Annotated photo localization data
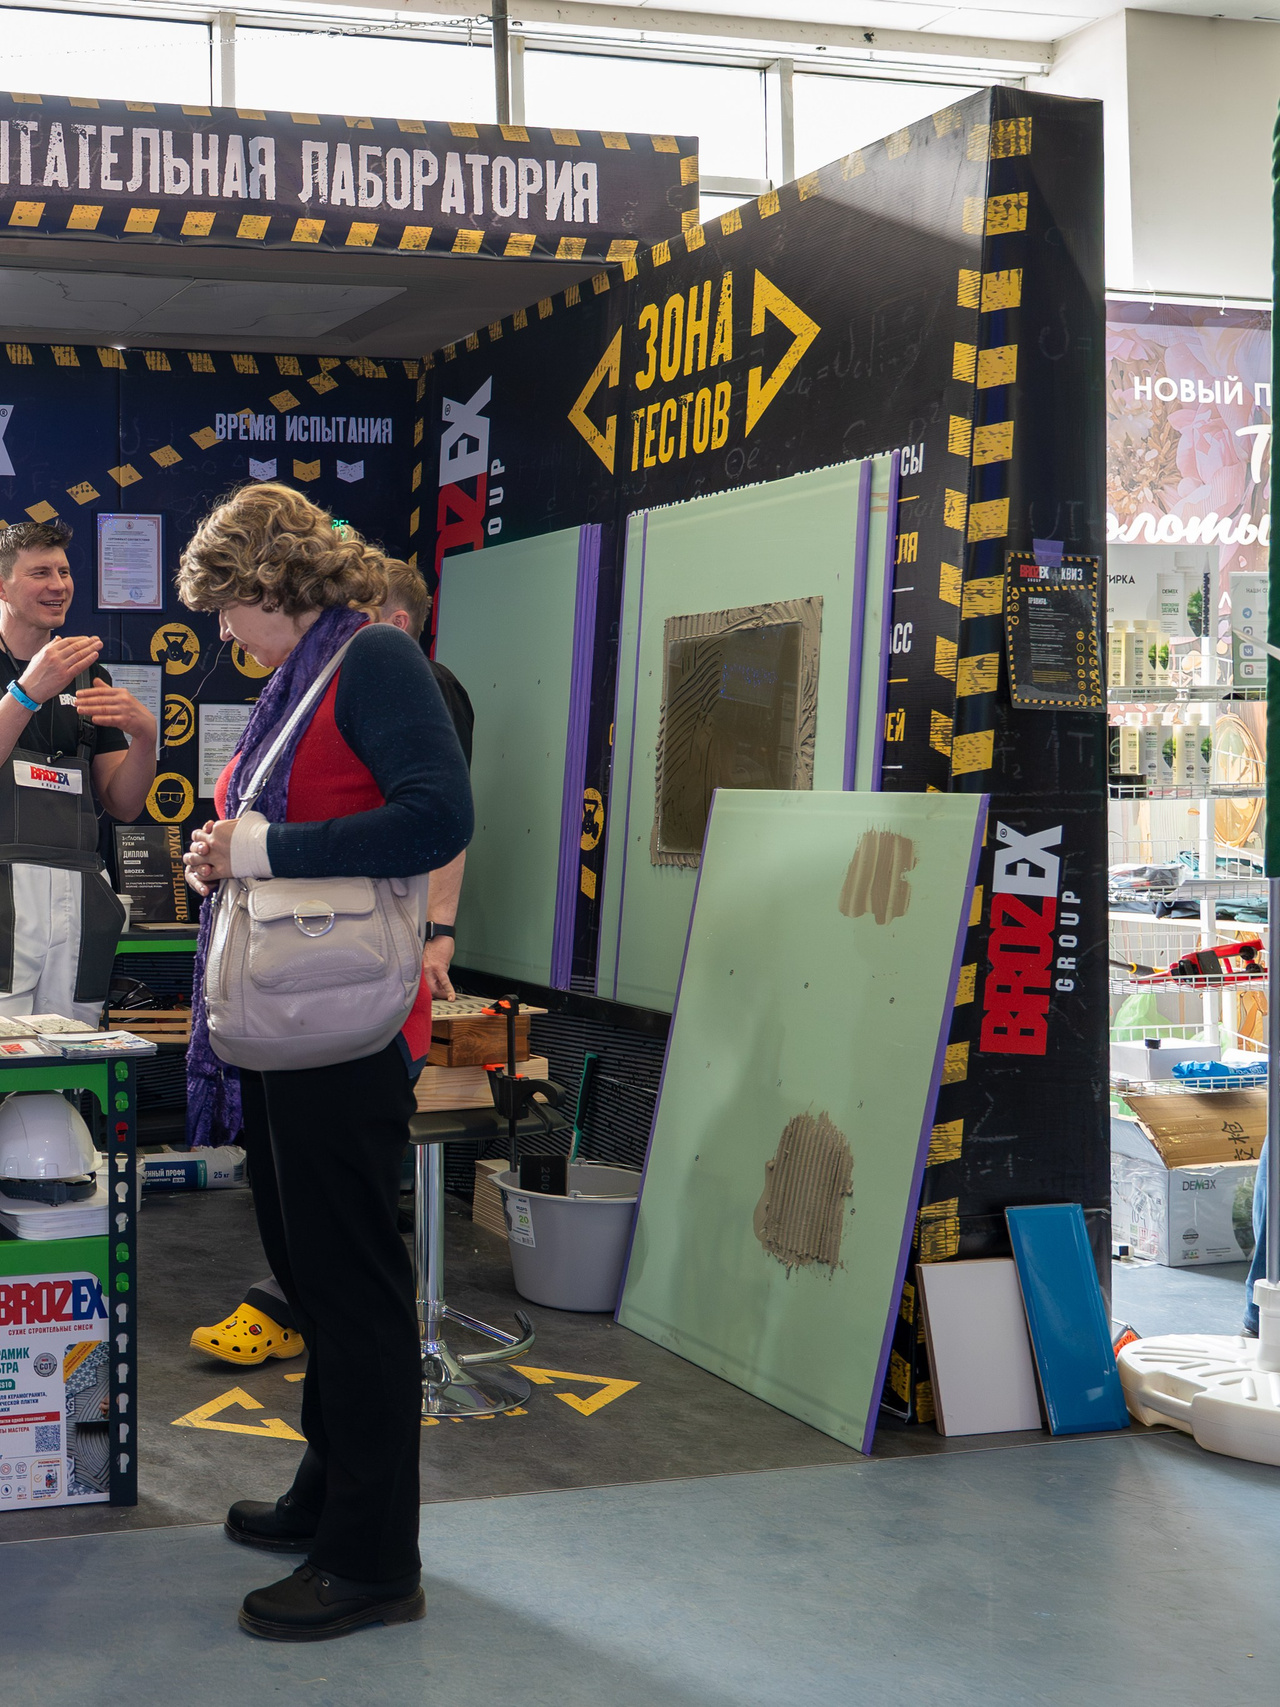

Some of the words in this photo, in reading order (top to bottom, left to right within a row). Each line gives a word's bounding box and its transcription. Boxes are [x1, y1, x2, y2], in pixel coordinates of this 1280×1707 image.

[297, 140, 599, 223] ЛАБОРАТОРИЯ
[635, 270, 733, 392] ЗОНА
[1133, 375, 1244, 405] НОВЫЙ
[215, 413, 276, 441] ВРЕМЯ
[285, 415, 393, 444] ИСПЫТАНИЯ
[631, 380, 733, 472] ТЕСТОВ
[1020, 564, 1050, 579] BROZEX
[1061, 567, 1083, 581] КВИЗ
[30, 765, 70, 787] BROZEX
[123, 850, 149, 859] ДИПЛОМ
[167, 826, 182, 859] РУКИ
[172, 861, 188, 921] ЗОЛОТЫЕ
[979, 820, 1063, 1056] BROZEX
[1055, 890, 1081, 992] GROUP
[166, 1168, 186, 1177] ПРОФИ
[213, 1171, 223, 1179] 25
[540, 1166, 550, 1191] 200
[519, 1214, 529, 1224] 20
[8, 1328, 26, 1336] СУХИЕ
[28, 1325, 72, 1334] СТРОИТЕЛЬНЫЕ
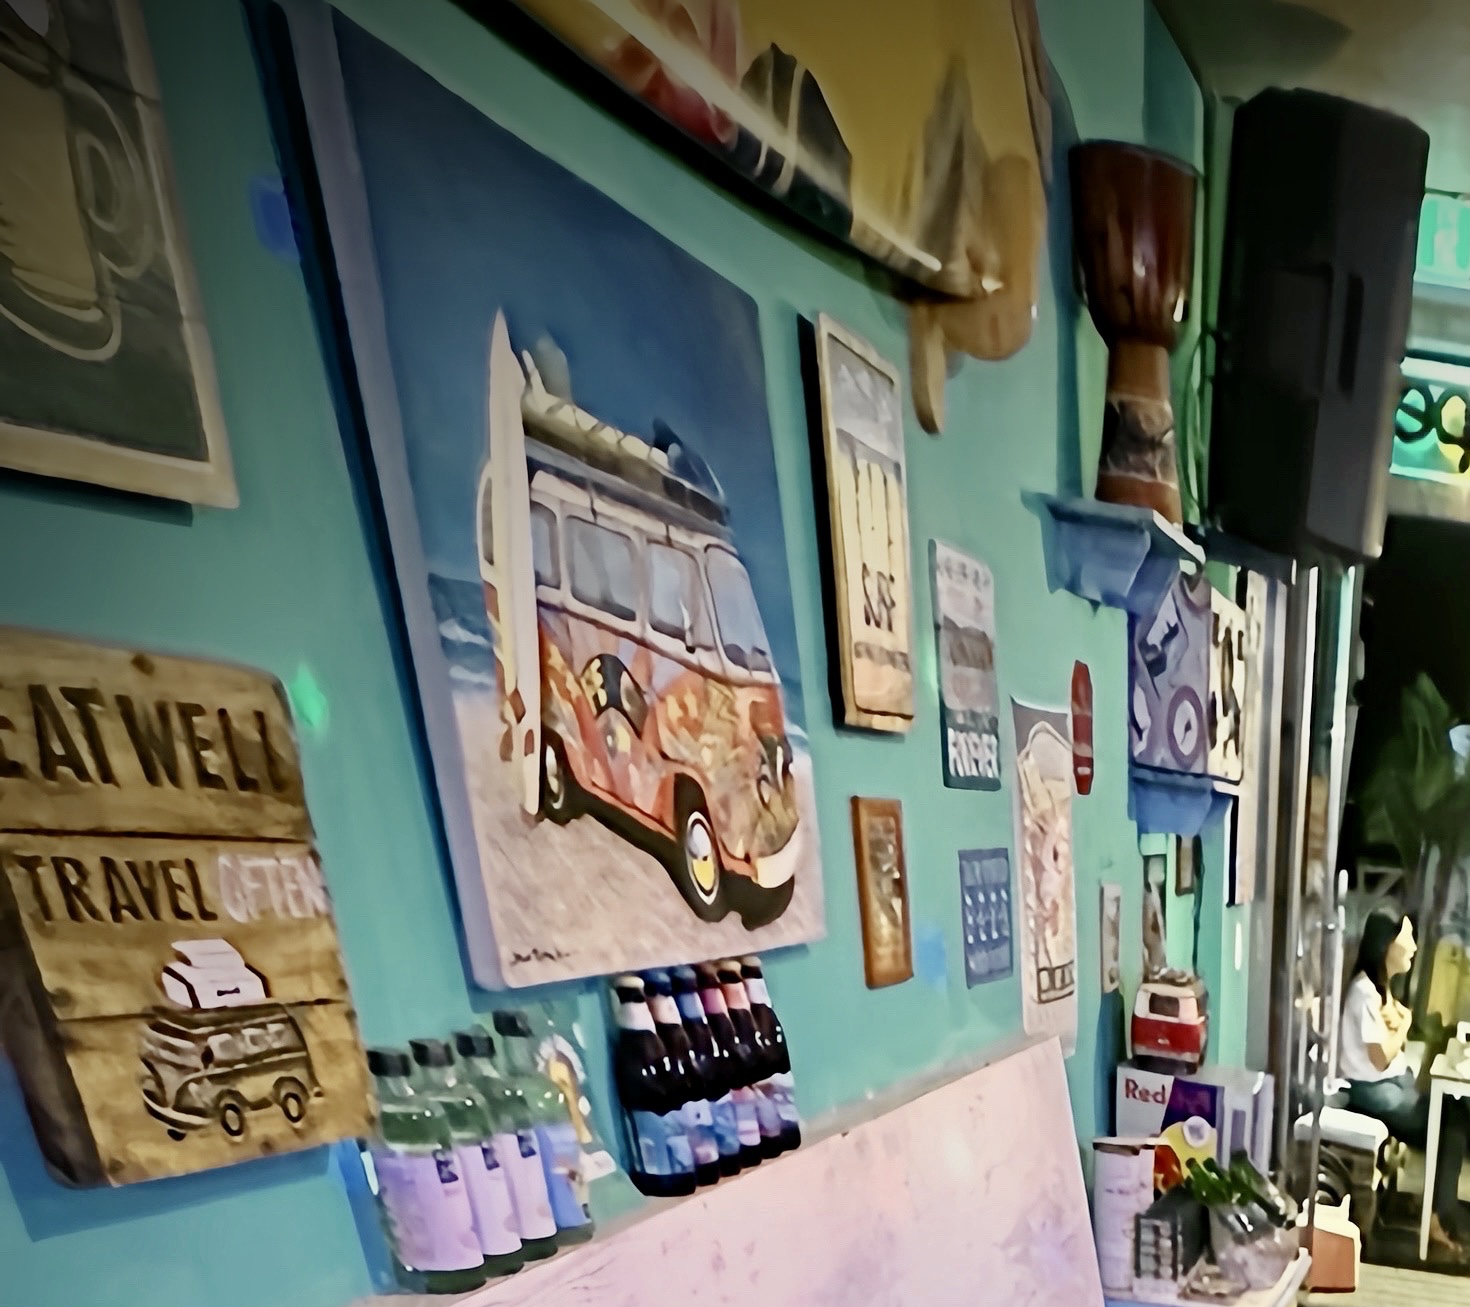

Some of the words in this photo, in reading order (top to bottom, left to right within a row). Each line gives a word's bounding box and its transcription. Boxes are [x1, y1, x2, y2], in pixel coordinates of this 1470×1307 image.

[114, 693, 288, 793] WELL
[13, 854, 218, 923] TRAVEL
[1124, 1078, 1167, 1105] Red

Task to complete: Give the records again exactly, without pictures.

Response:
Some of the words in this photo, in reading order (top to bottom, left to right within a row). Each line gives a word's bounding box and its transcription. Boxes are [x1, y1, x2, y2], in pixel coordinates of this 1280×1707 image.

[297, 140, 599, 223] ЛАБОРАТОРИЯ
[635, 270, 733, 392] ЗОНА
[1133, 375, 1244, 405] НОВЫЙ
[215, 413, 276, 441] ВРЕМЯ
[285, 415, 393, 444] ИСПЫТАНИЯ
[631, 380, 733, 472] ТЕСТОВ
[1020, 564, 1050, 579] BROZEX
[1061, 567, 1083, 581] КВИЗ
[30, 765, 70, 787] BROZEX
[123, 850, 149, 859] ДИПЛОМ
[167, 826, 182, 859] РУКИ
[172, 861, 188, 921] ЗОЛОТЫЕ
[979, 820, 1063, 1056] BROZEX
[1055, 890, 1081, 992] GROUP
[166, 1168, 186, 1177] ПРОФИ
[213, 1171, 223, 1179] 25
[540, 1166, 550, 1191] 200
[519, 1214, 529, 1224] 20
[8, 1328, 26, 1336] СУХИЕ
[28, 1325, 72, 1334] СТРОИТЕЛЬНЫЕ

Some of the words in this photo, in reading order (top to bottom, left to right within a row). Each line gives a word's bounding box and its transcription. Boxes are [x1, y1, x2, y2], in pixel coordinates of this 1470×1307 image.

[114, 693, 288, 793] WELL
[13, 854, 218, 923] TRAVEL
[1124, 1078, 1167, 1105] Red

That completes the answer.